By the final act, dealing with the conclusion that harks back to the two previous acts, it’s obvious Green Day has created an album that while almost nearly a copy of American Idiot is more clever than it appears to be. “Horseshoes and Handgrenades” is like the Hives on overdrive and “American Eulogy” is the mini version of “Jesus of Suburbia,” going back to Nimrod-era Green Day (that redundancy is pure 90’s, baby). “21 Guns” is arguably the album’s highlight, presenting an anti-war ballad that is both monumentally enduring and also sophisticated protest. Armstrong’s vocals are less strained than they were at times on Idiot, sounding less like a vocalist and more like a performance artist; it is as if he is shouting these yarns into a crowd from a Broadway stage. Every member does their part to piece the album together, successfully proving that the band can offer up a strenuous peak to climb, yet pass it without losing a breath.

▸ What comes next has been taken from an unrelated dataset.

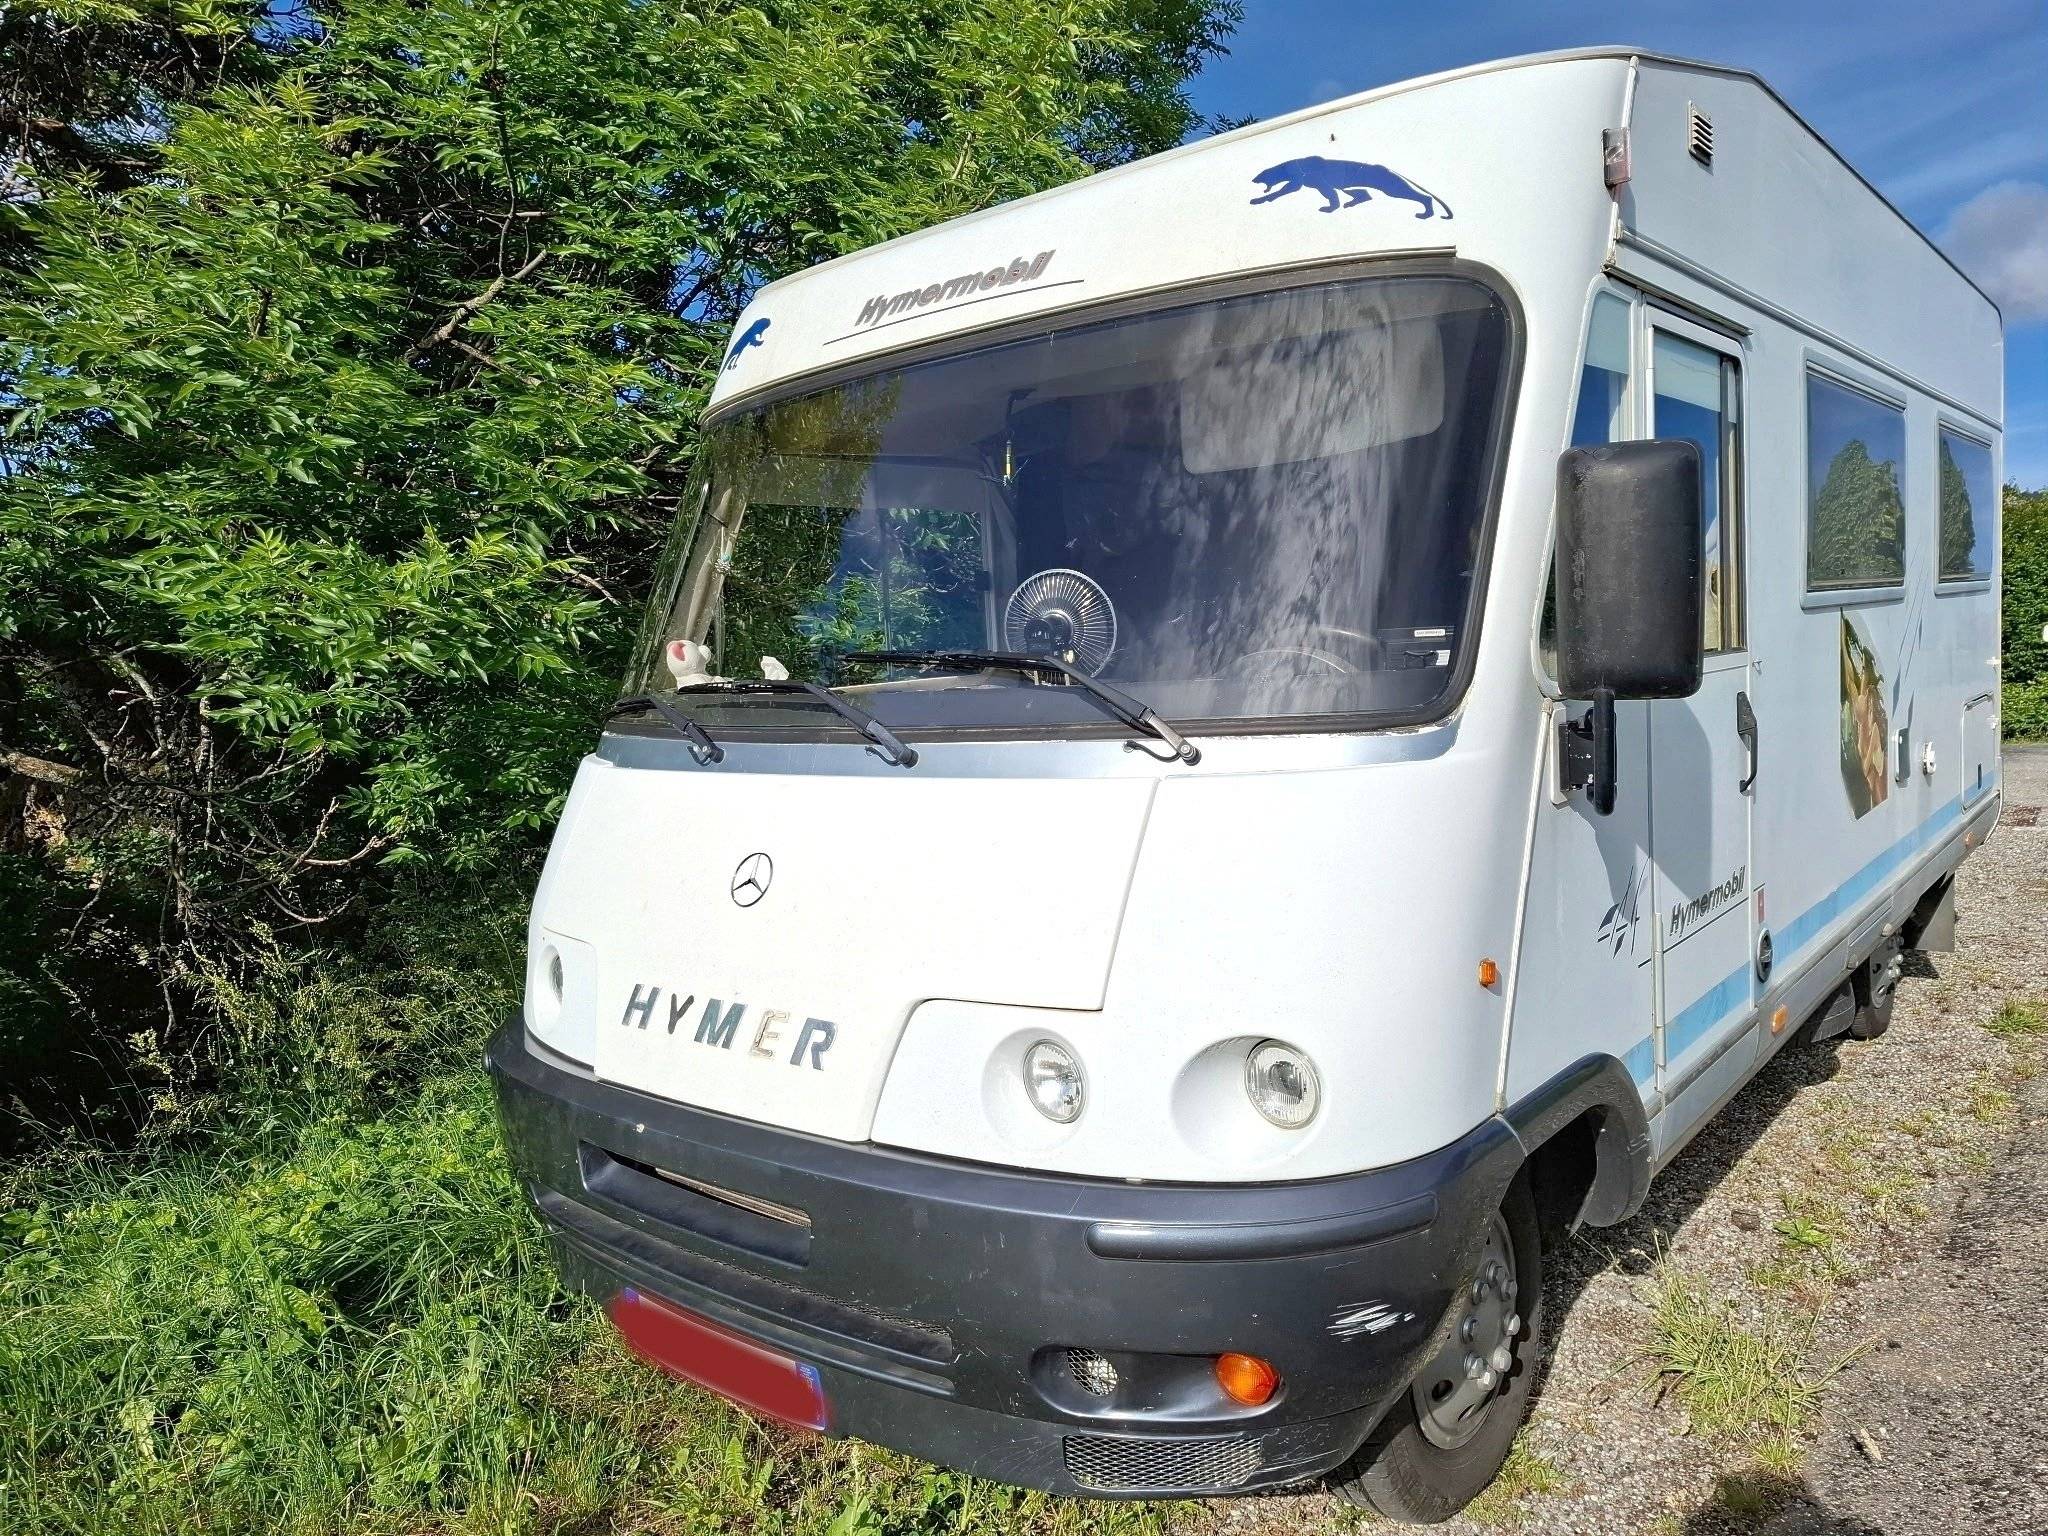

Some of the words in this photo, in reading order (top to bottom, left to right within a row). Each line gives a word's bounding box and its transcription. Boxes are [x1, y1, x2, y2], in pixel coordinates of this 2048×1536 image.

[854, 249, 1057, 326] Hymermobil
[1669, 865, 1747, 938] Hymermobil
[621, 983, 839, 1071] HYMER

Certainly the band’s most ambitious output, it is also their most polarizing for fans unwilling to give change and evolution a shot. While it may seem a tad self-indulgent, this is merely a huge rock band doing huge rock band things, refusing to become thick-minded clones of their former selves. Several listens open up a world of curiosity, in hopes you will be able to pick up each clue that lays hidden in the epic song structures, telling a complex story that plays like a spin-off. Exuberant and demanding, 21st Century Breakdowndestructs the modern world in hopes of a bright future, something that is sure to be of interest in the next entry to Green Day’s catalog. The smartest mainstream rock band out there, Green Day have gone the way of The Who, but it will be every other band that becomes green with envy.